Premium

Why Is Philly Looking To Chicago For Ways To Fight Crime?

AP Photo/Teresa Crawford

There’s no doubt that Philadelphia’s public officials could use some help when it comes to combatting the city’s violent crime rate, but looking to Chicago for answers is kind of like asking Paula Deen for advice on healthy eating. You’ll probably get a response, but it’s not likely to be of much use.

Yet Philadelphia is borrowing a page from the Windy City’s failing public safety strategy; stationing (and paying) community members to stand watch as kids make their way to and from school.

Based on a Chicago program, Philadelphia’s planwill start at four high schools: Lincoln, Motivation, Sayre and Roxborough, and expand to others. The “Safe Path” program will pay trusted community members and equip them with radios and bright, reflective vests to serve as eyes and ears — not to take physical action against anyone armed with a gun.Kevin Bethel, the district’s chief of school safety, said he wants Safe Path operational before the end of the school year.

“I can no longer sit back and wait for volunteers while I see in some of our corridors the issues we’re having,” Bethel said. Details on what the groups will be paid and how they can apply will be shared soon,he said.

So how does this work in practice? Well, here’s an incident from Chicago that played out on Wednesday afternoon:

Shots were fired outside a Wicker Park elementary school shortly after dismissal Tuesday afternoon, but no one was hit, police said.

The incident occurred outside Jose de Diego Community Academy, 1313 N. Claremont Ave., according to witnesses.

The Chicago Fire Department arrived on the scene around 3:46 p.m., spokesman Larry Langford said. The call came in as a shooting, but the only victim on the scene was a 22-year-old man who had apparently been hit with a baseball bat. He refused medical treatment.

A safe passage worker for the school said two men were fighting and a few gunshots were fired, but the men fled before police arrived on the scene.

Chicago’s Safe Passage program has been in place for several years now, but there’s not a lot of evidence showing that it’s been effective at preventing acts of violence along the common routes kids walk to school. Here are a few headlines documenting some pretty high profile failures:

Safe Passage Worker Shot on West Side

Man Shot and Killed on Safe Passage Route

15-Year Old Boy in School Uniform Shot Blocks From Safe Passage Route

Safe Passage Worker Arrested for Drug Possession

Safe Passage Worker Shot Teen Girl In Chest, Prosecutors Say

On the other hand, a 2019 study claimed to have found that violent crime dropped by 20% along Safe Passage routes two years after they were established, though it appears that violent crimes were also declining in areas that weren’t Safe Passage routes during the same time period.
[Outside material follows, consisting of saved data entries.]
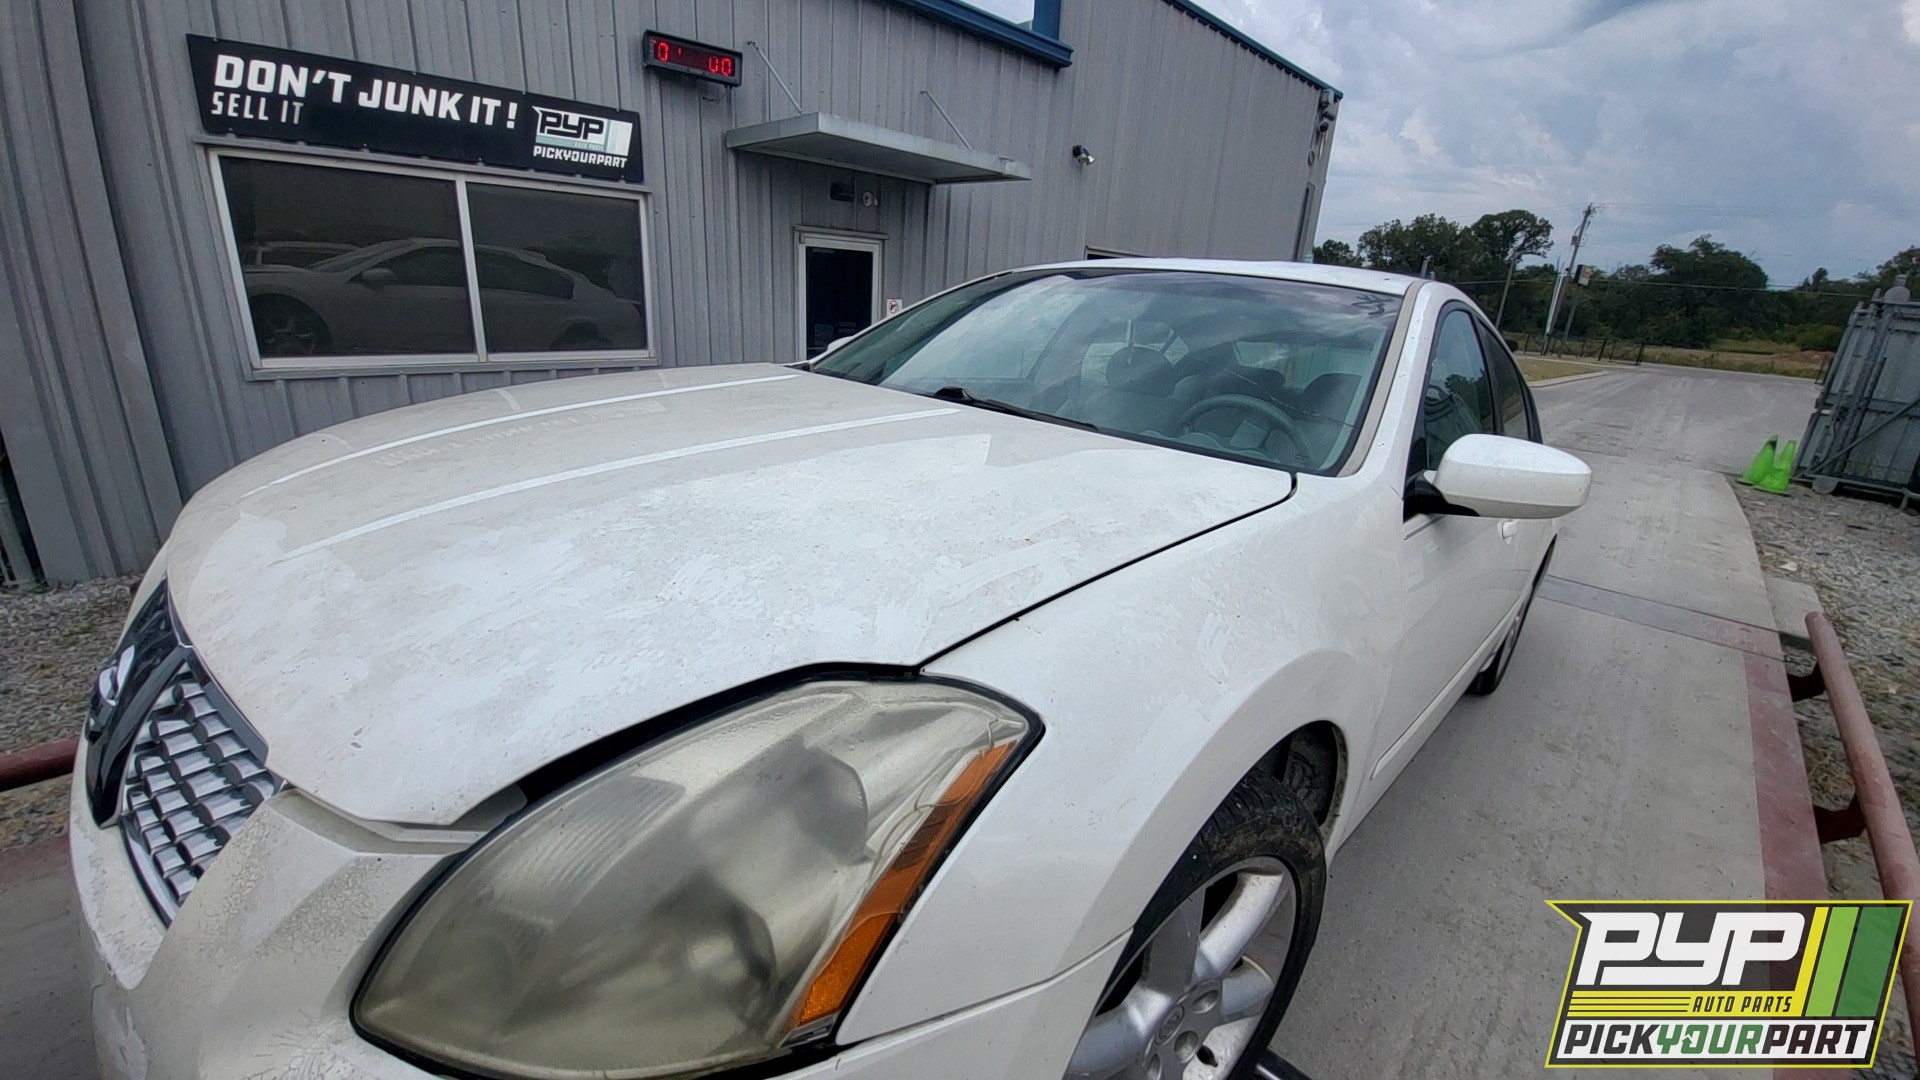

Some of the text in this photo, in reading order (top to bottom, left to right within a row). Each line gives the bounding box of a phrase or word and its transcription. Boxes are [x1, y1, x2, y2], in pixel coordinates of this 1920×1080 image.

[214, 54, 352, 103] DON'T
[358, 79, 464, 121] JUNK
[211, 91, 304, 125] SELL IT
[539, 110, 605, 140] PYP
[533, 145, 628, 168] PICKYOURPART
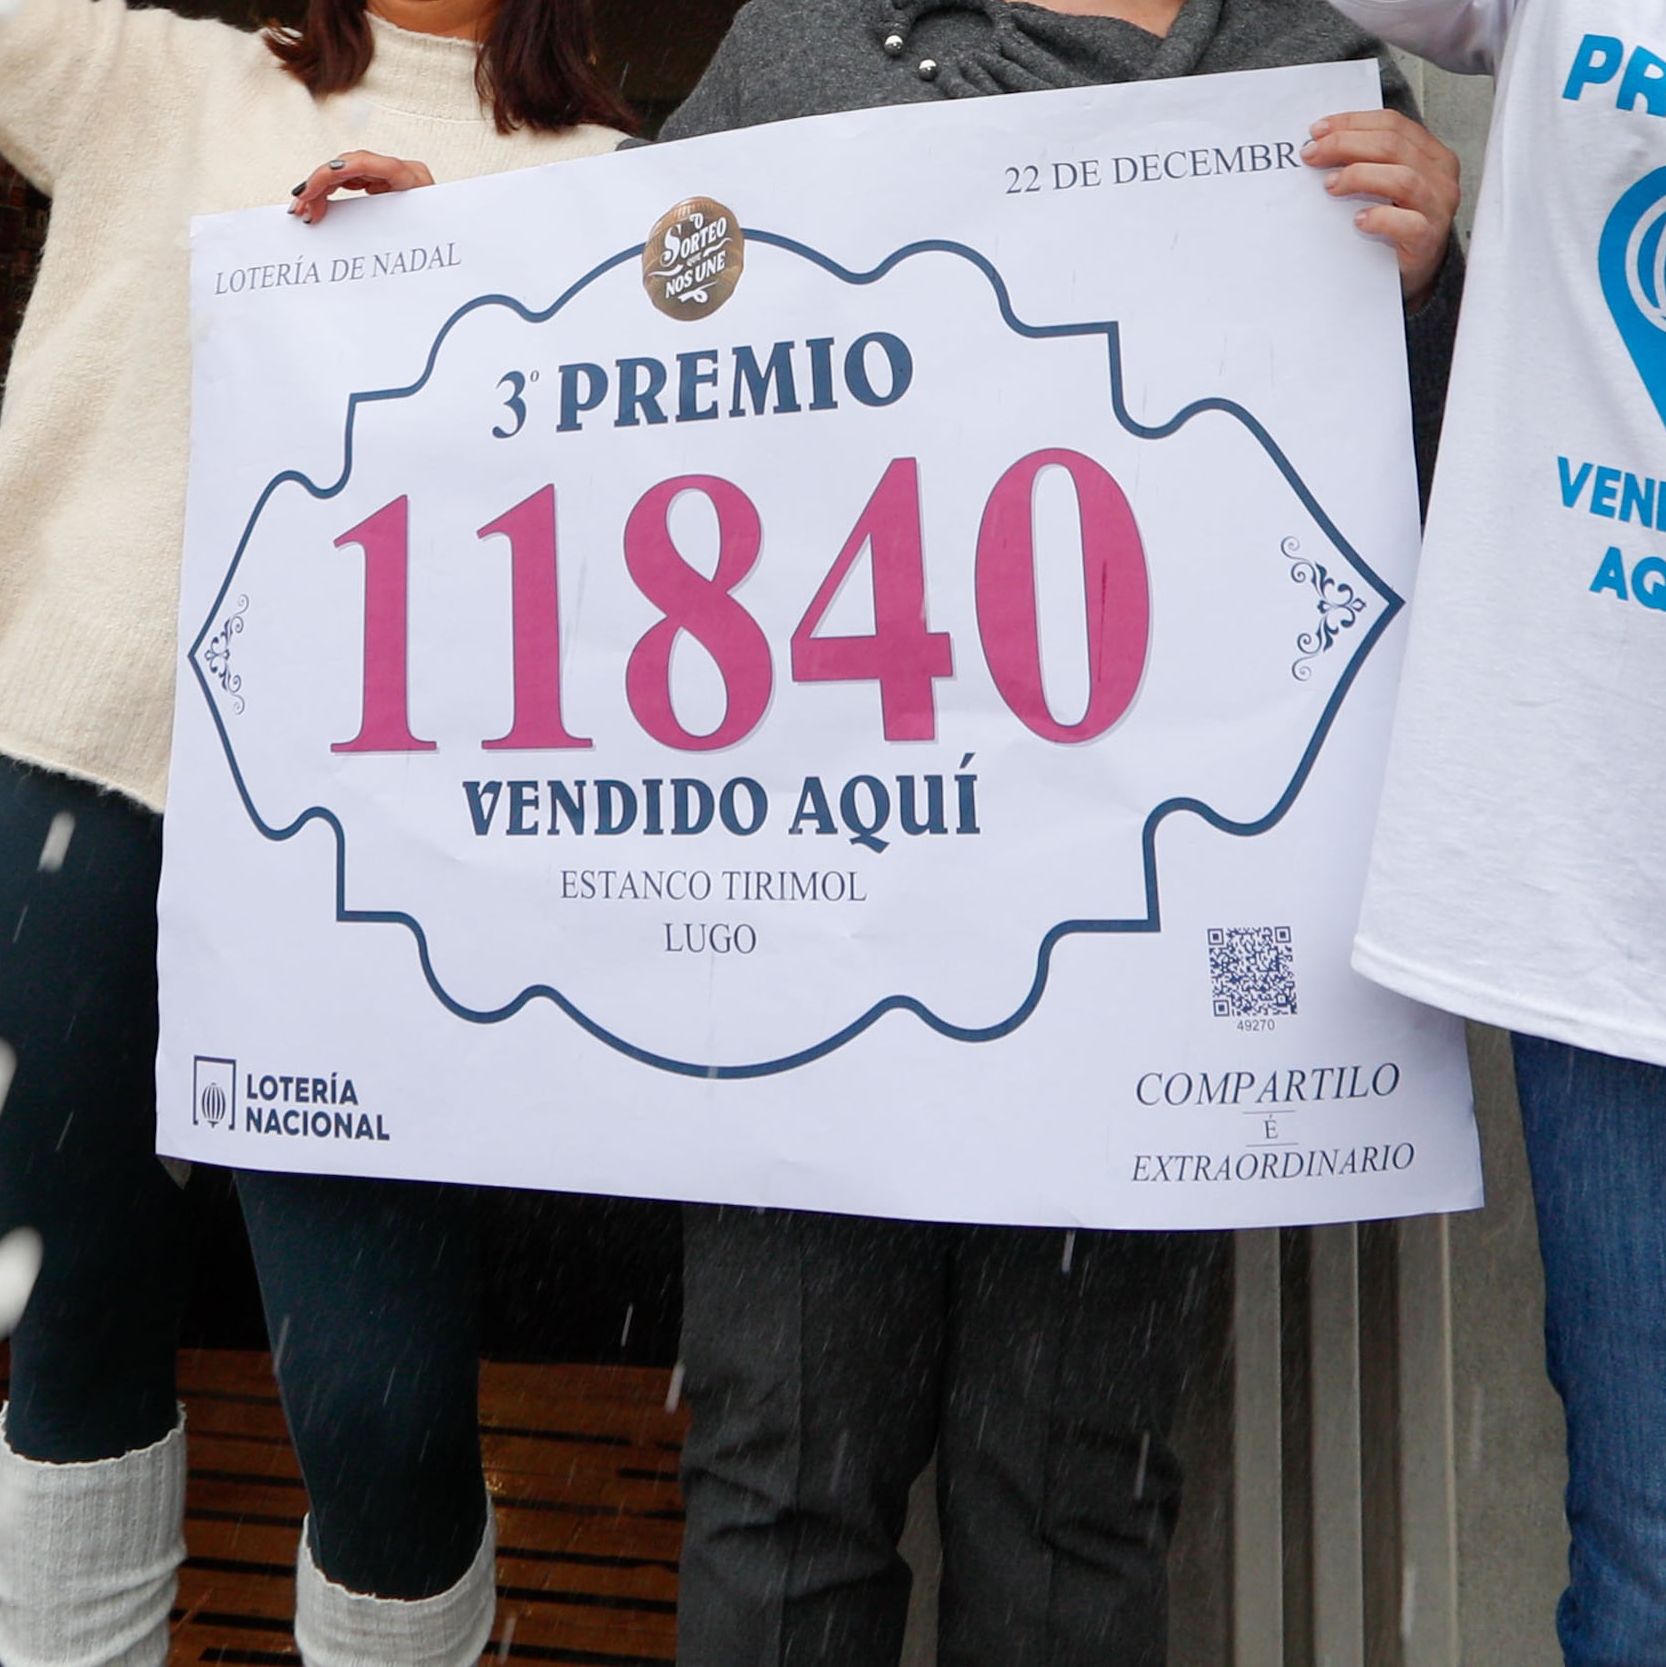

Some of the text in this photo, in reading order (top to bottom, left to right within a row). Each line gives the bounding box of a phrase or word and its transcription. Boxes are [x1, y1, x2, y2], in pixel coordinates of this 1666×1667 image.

[1005, 139, 1316, 194] 22 DE DECEMBR
[660, 216, 727, 267] SORTEO
[214, 242, 461, 295] LOTERÍA DE NADAL
[665, 250, 727, 299] NOS UNE
[556, 331, 913, 433] PREMIO
[330, 447, 1153, 754] 11840
[462, 752, 981, 854] VENDIDO AQUÍ
[561, 870, 868, 902] ESTANCO TIRIMOL
[664, 923, 757, 955] LUGO
[1237, 1019, 1276, 1031] 49270
[246, 1072, 359, 1105] LOTERÍA
[1136, 1062, 1401, 1105] COMPARTILO
[246, 1106, 391, 1141] NACIONAL
[1131, 1142, 1415, 1182] EXTRAORDINARIO
So, the evidence of the program’s effectiveness is awfully slim, but since homicides in Philadelphia are going to hit an all time high this year, local officials have to do something, and putting unarmed monitors on street corners to stand watch not only allows school administrators to proclaim they’re protecting kids but also gives them the chance to spread some cash around by paying the Safe Passage workers.

I’ll be absolutely delighted if I’m proven wrong, but I don’t expect that Philly’s adoption of the Safe Passage program is going to make much of a difference. And given the fact that the school district’s director of public safety says he hopes to have a plan in place for four high schools by the end of the school year seven months from now, it honestly sounds like officials don’t have high expectations. It seems to me that if they really thought this program was a game changer, they’d be moving a lot faster to put it in place.

The city’s best chance to stem the violence will come on Tuesday, when voters will decide the city’s District Attorney’s race. Unfortunately incumbent D.A. Larry Krasner, a far-Left social justice warrior who was elected to his first term thanks to hundreds of thousands of dollars in spending by George Soros, is expected to cruise to re-election despite the fact that shootings and homicides have soared while felony prosecutions have declined under his watch. If parents really want to keep their kids safe their best bet would be get their carry license and walk their kids to school themselves, but a close second would be voting Krasner out of office. Either or both would be far more effective relying on unarmed volunteers to stand guard as their children travel to and from school.